TASK OBJECTIVE =>
Leave the pictures out while you restate every entry below word for word.

PROVIDED ENTRIES =>
····················

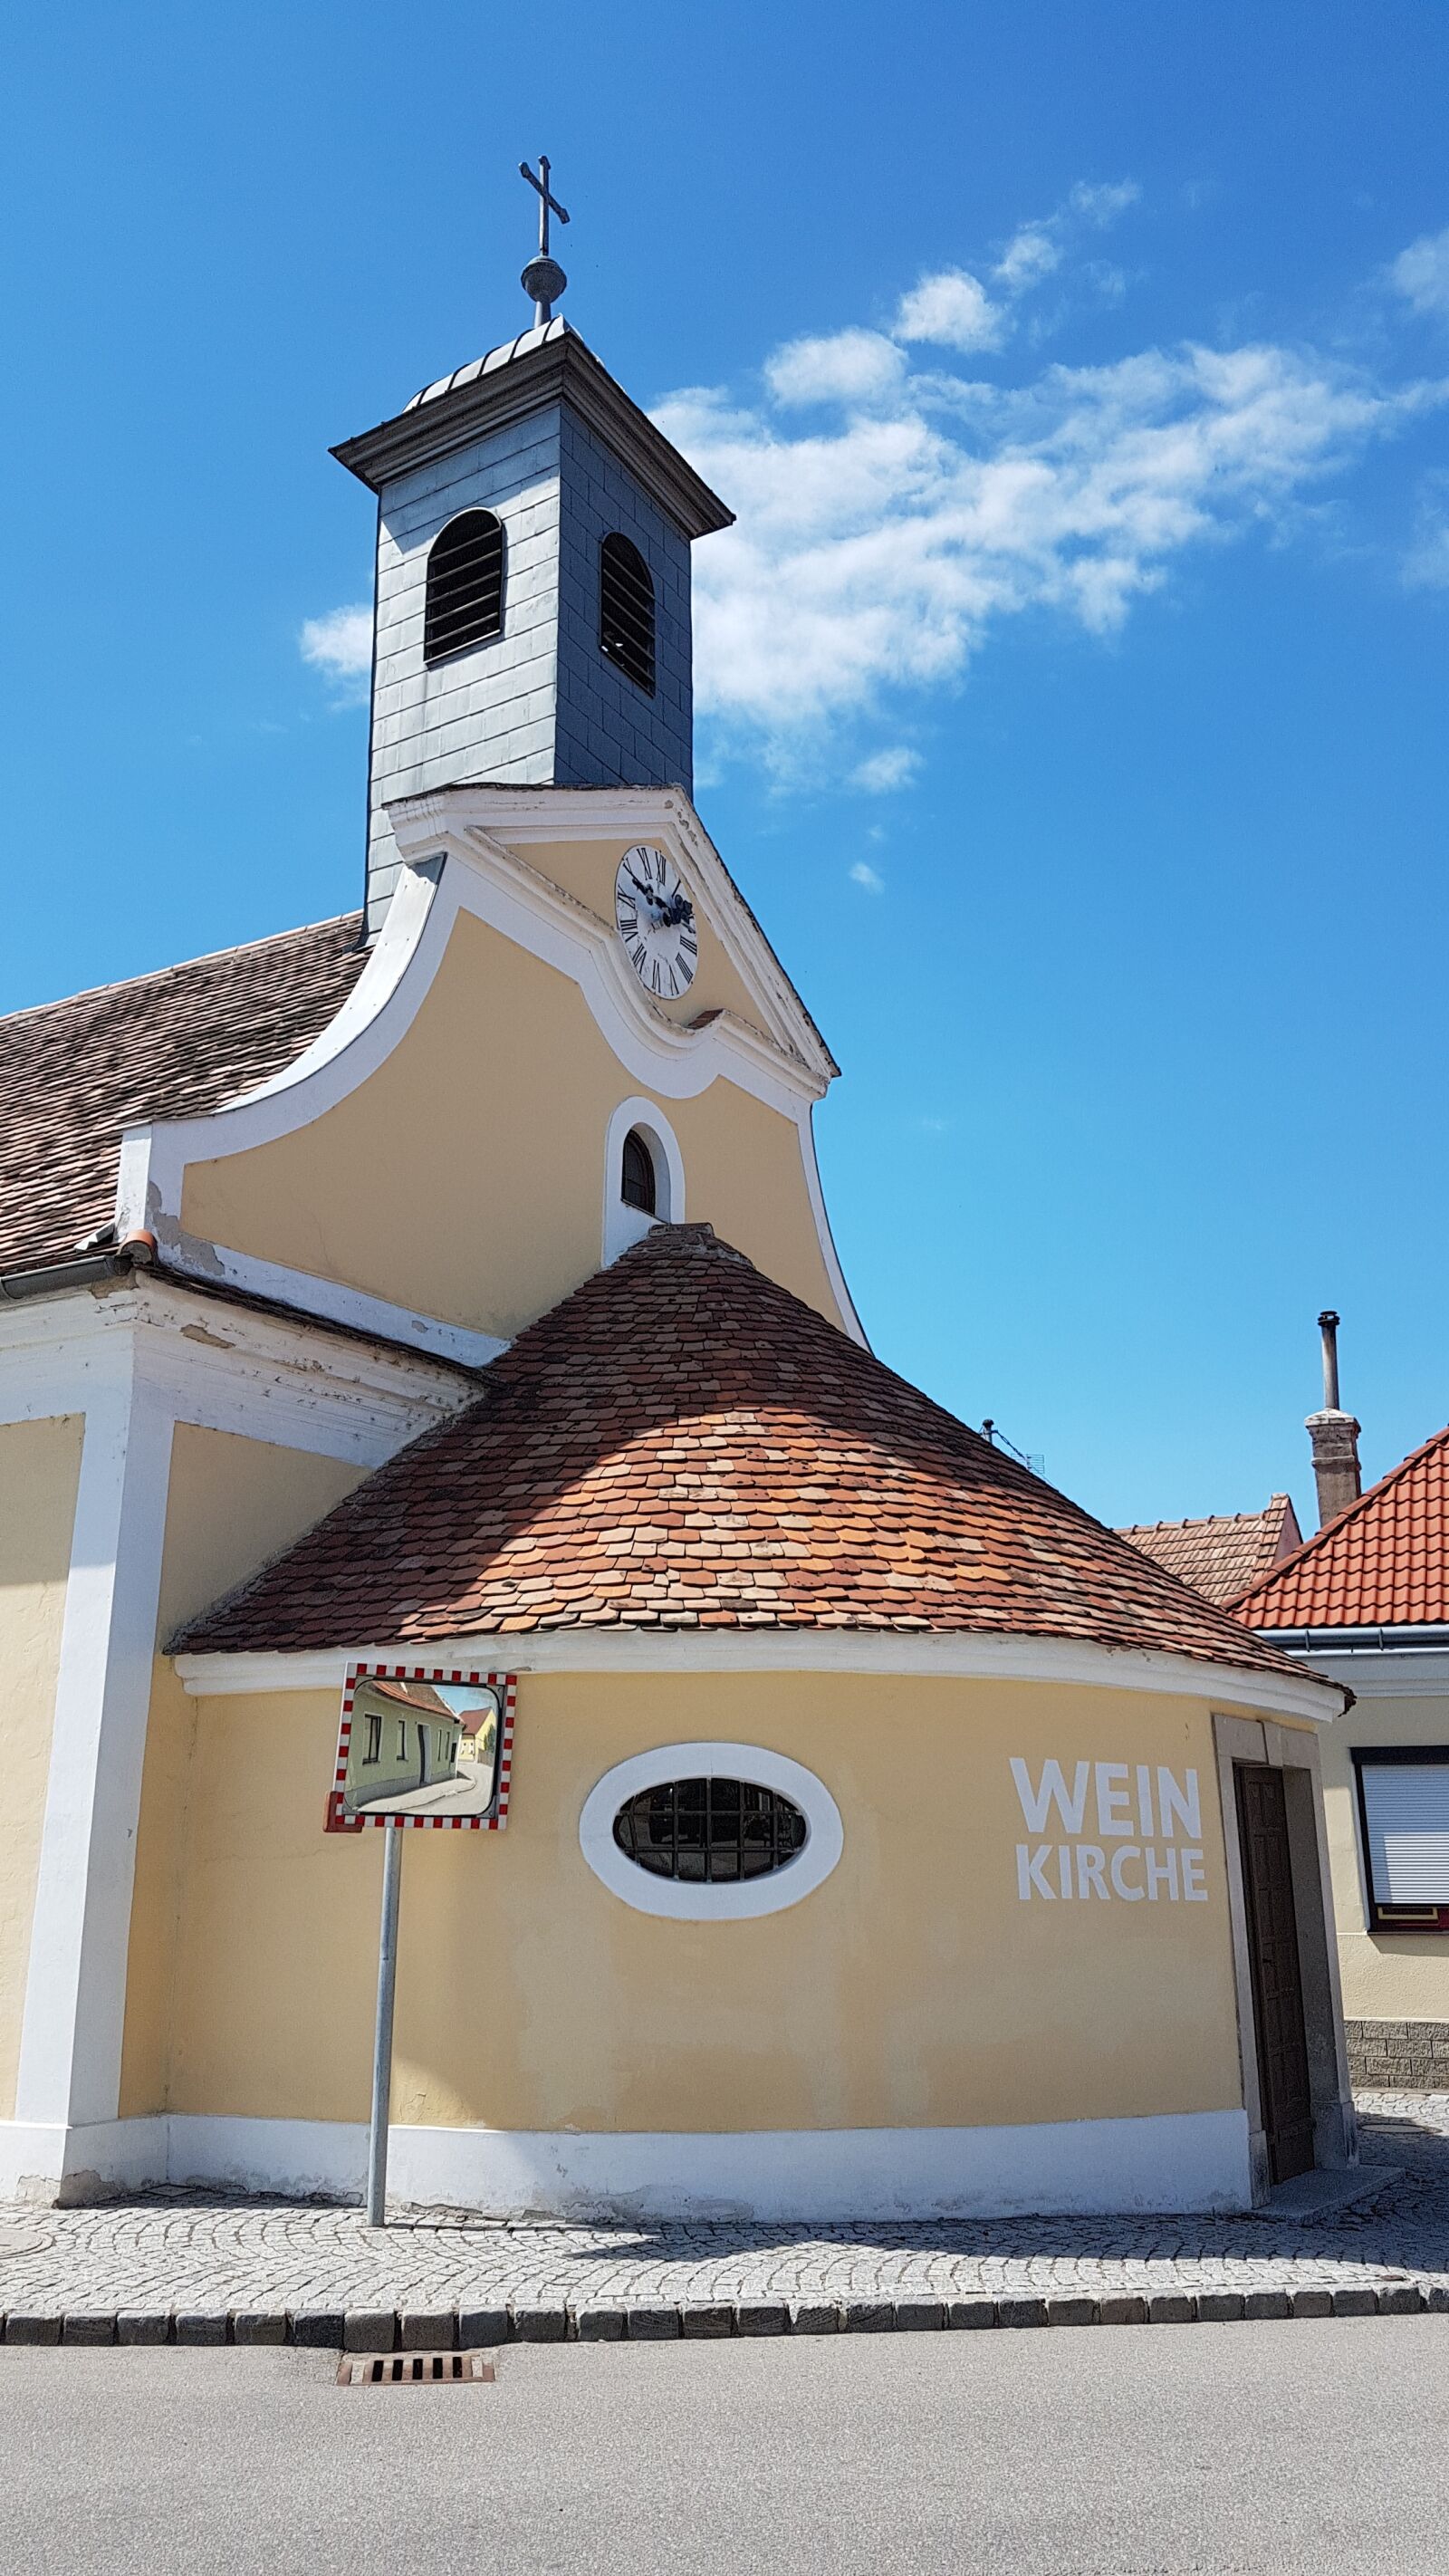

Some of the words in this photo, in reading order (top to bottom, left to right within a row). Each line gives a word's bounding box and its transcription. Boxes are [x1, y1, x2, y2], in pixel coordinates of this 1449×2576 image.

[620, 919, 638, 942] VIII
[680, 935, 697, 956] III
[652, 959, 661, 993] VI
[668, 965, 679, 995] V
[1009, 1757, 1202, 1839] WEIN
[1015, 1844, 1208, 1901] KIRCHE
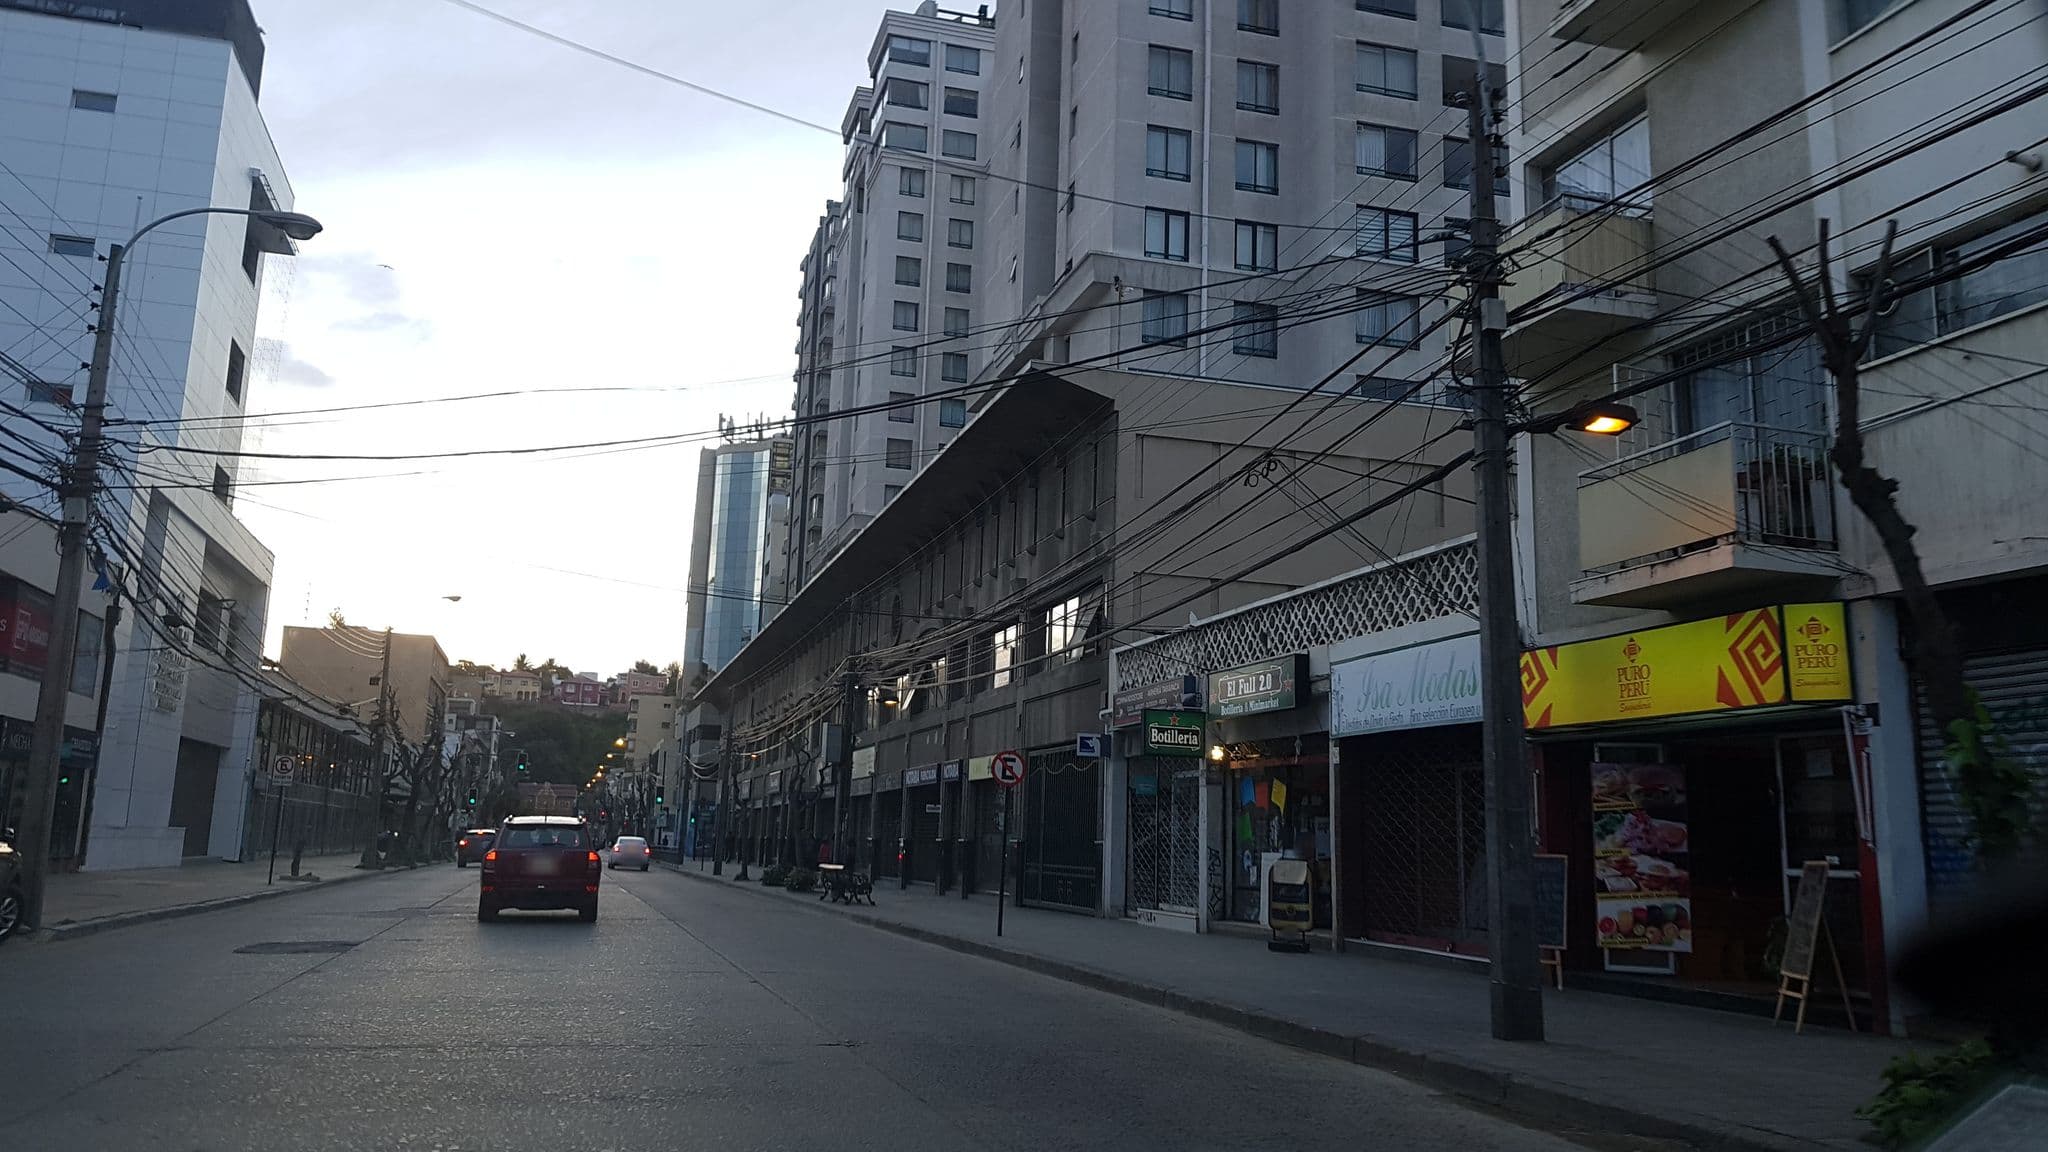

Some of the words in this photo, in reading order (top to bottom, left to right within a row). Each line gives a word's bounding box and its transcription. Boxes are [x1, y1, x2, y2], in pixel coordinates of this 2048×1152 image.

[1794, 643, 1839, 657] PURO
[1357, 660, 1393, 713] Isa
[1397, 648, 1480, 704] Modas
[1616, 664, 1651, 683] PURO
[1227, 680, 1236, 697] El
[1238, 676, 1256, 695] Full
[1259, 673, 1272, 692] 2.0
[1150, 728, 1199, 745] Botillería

····················

ANSWER =>
Some of the words in this photo, in reading order (top to bottom, left to right within a row). Each line gives a word's bounding box and its transcription. Boxes are [x1, y1, x2, y2], in pixel coordinates of this 1449×2576 image.

[620, 919, 638, 942] VIII
[680, 935, 697, 956] III
[652, 959, 661, 993] VI
[668, 965, 679, 995] V
[1009, 1757, 1202, 1839] WEIN
[1015, 1844, 1208, 1901] KIRCHE

Some of the words in this photo, in reading order (top to bottom, left to right within a row). Each line gives a word's bounding box and its transcription. Boxes are [x1, y1, x2, y2], in pixel coordinates of this 2048×1152 image.

[1794, 643, 1839, 657] PURO
[1357, 660, 1393, 713] Isa
[1397, 648, 1480, 704] Modas
[1616, 664, 1651, 683] PURO
[1227, 680, 1236, 697] El
[1238, 676, 1256, 695] Full
[1259, 673, 1272, 692] 2.0
[1150, 728, 1199, 745] Botillería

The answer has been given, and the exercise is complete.